Start of Available data

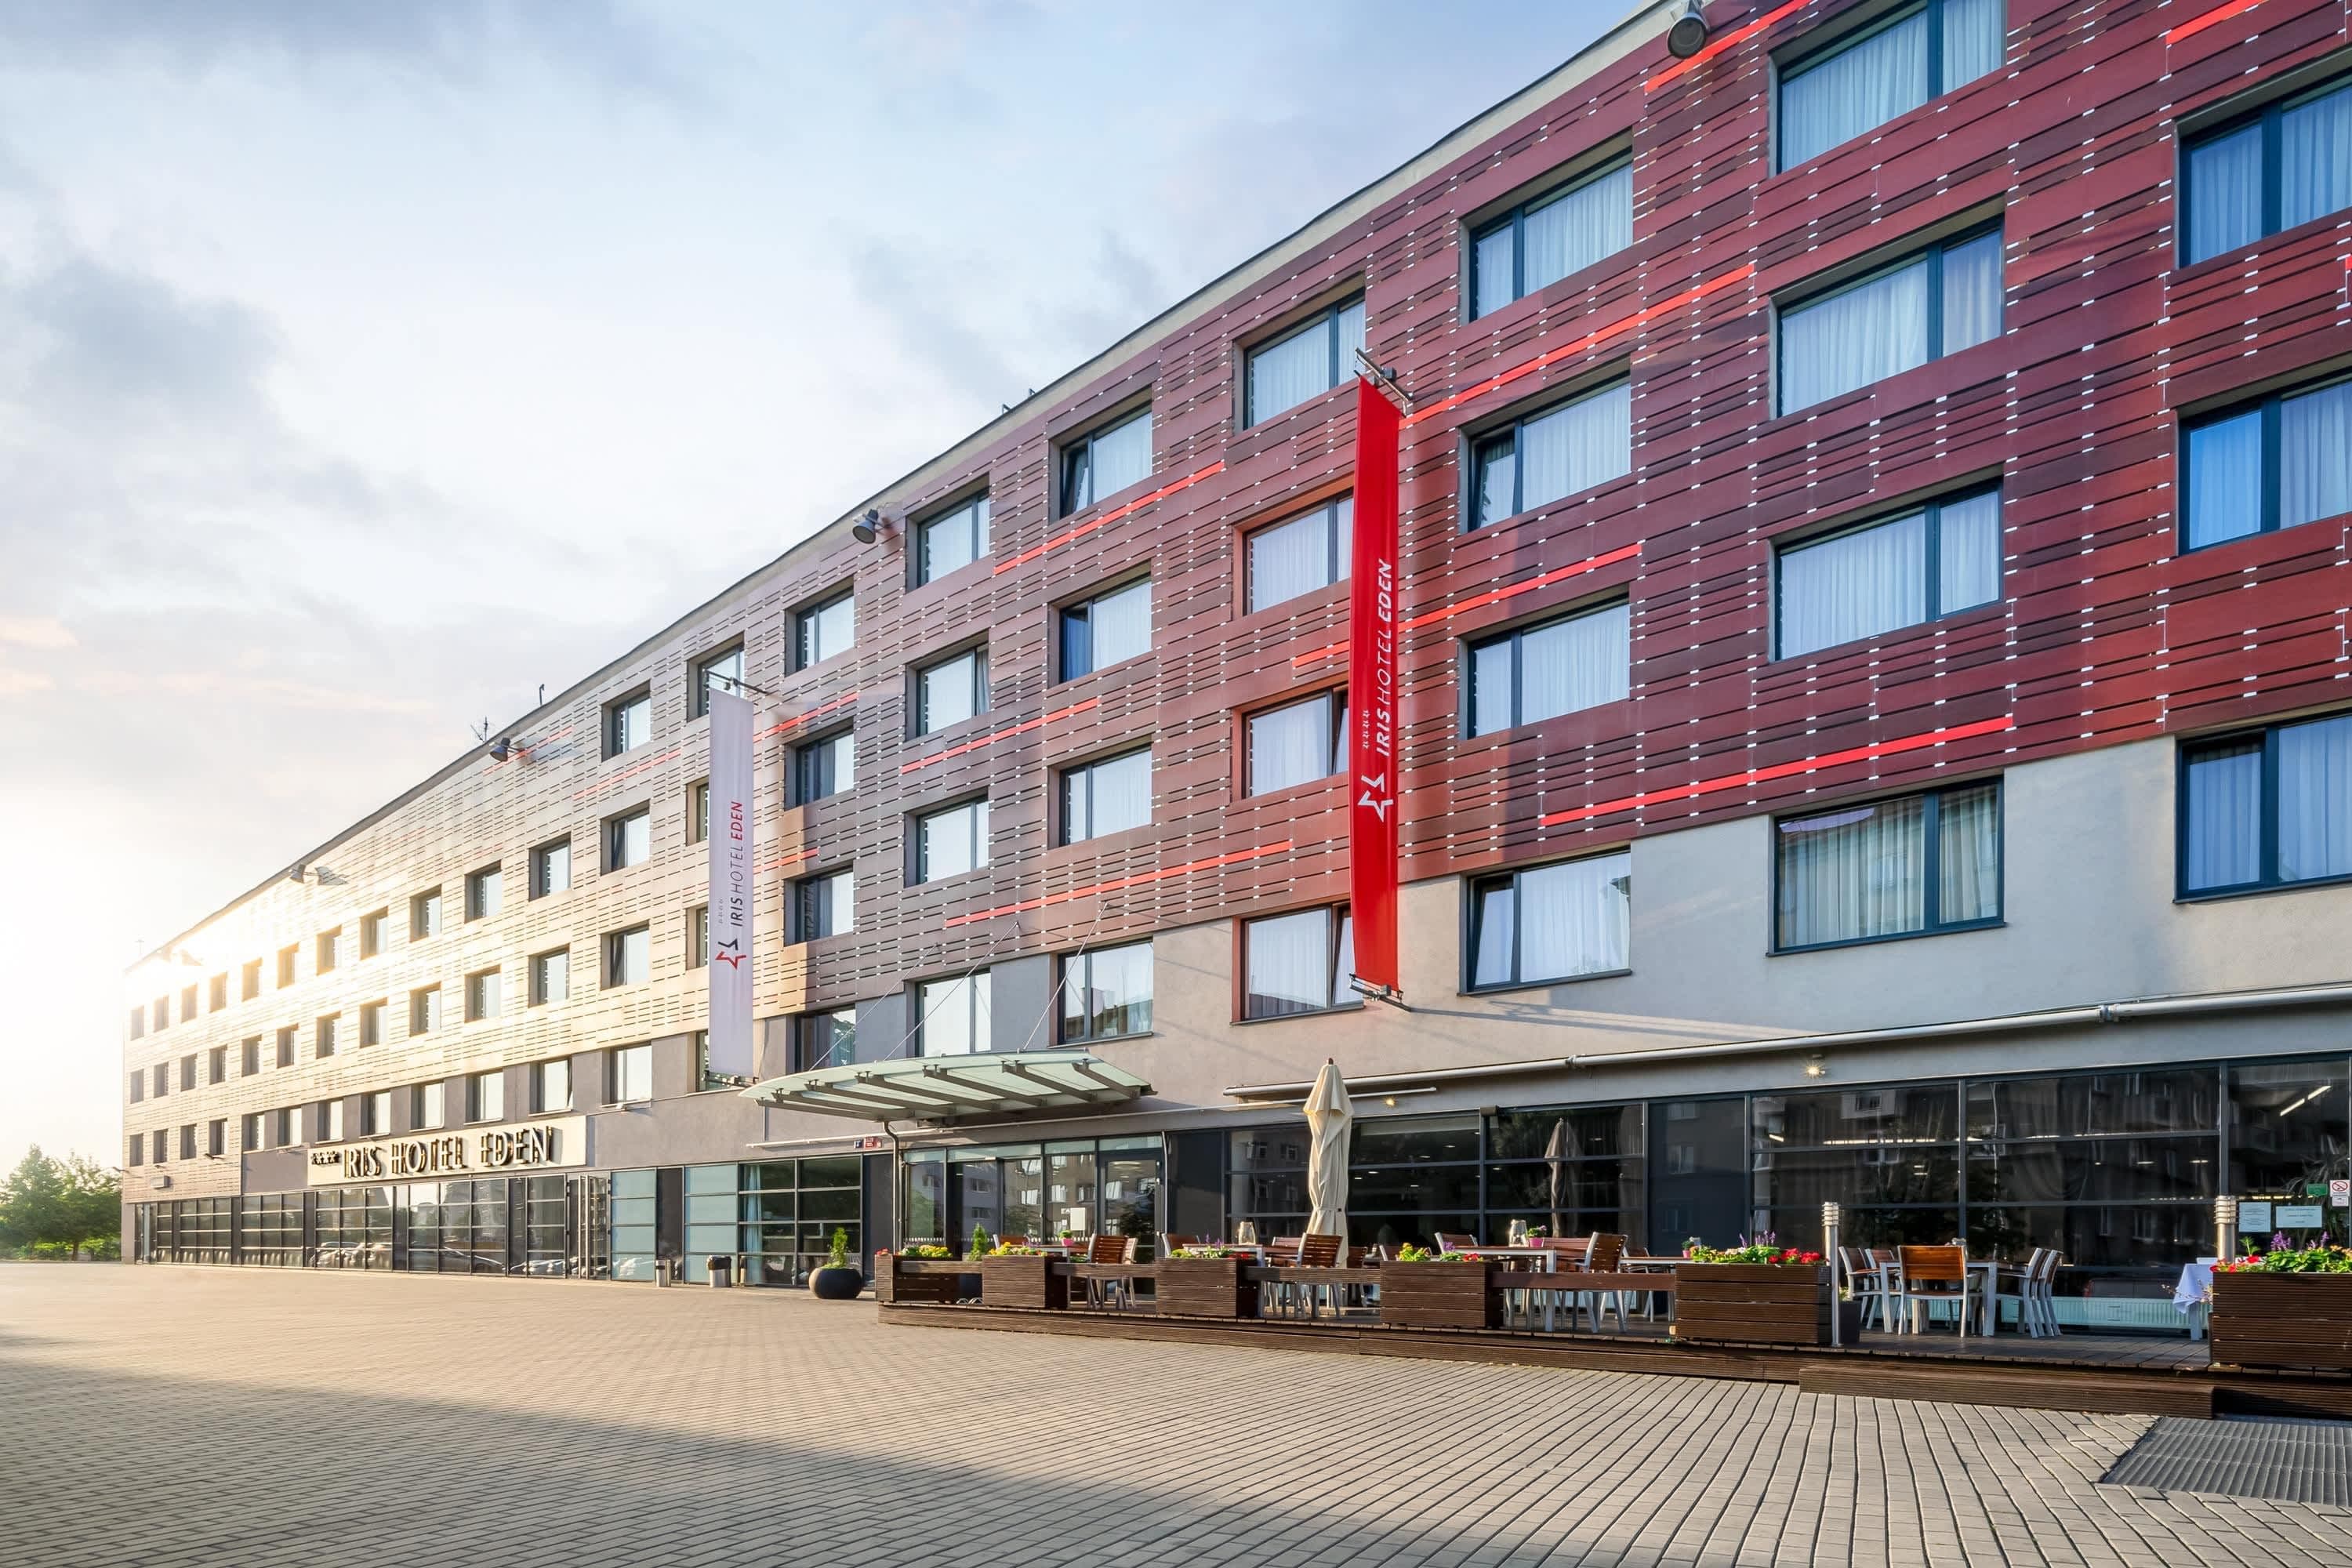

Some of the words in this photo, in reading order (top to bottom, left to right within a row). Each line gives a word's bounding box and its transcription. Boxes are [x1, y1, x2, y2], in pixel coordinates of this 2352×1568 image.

[1377, 558, 1392, 622] EDEN
[1377, 630, 1392, 706] HOTEL
[1376, 708, 1391, 757] IRIS
[730, 801, 743, 841] EDEN
[730, 846, 743, 895] HOTEL
[730, 897, 743, 927] IRIS
[340, 1146, 382, 1178] IRIS
[389, 1136, 468, 1174] HOTEL
[479, 1125, 552, 1167] EDEN

End of Available data

Type out the data above once more, exactly, with no images included.

Some of the words in this photo, in reading order (top to bottom, left to right within a row). Each line gives a word's bounding box and its transcription. Boxes are [x1, y1, x2, y2], in pixel coordinates of this 2352×1568 image.

[1377, 558, 1392, 622] EDEN
[1377, 630, 1392, 706] HOTEL
[1376, 708, 1391, 757] IRIS
[730, 801, 743, 841] EDEN
[730, 846, 743, 895] HOTEL
[730, 897, 743, 927] IRIS
[340, 1146, 382, 1178] IRIS
[389, 1136, 468, 1174] HOTEL
[479, 1125, 552, 1167] EDEN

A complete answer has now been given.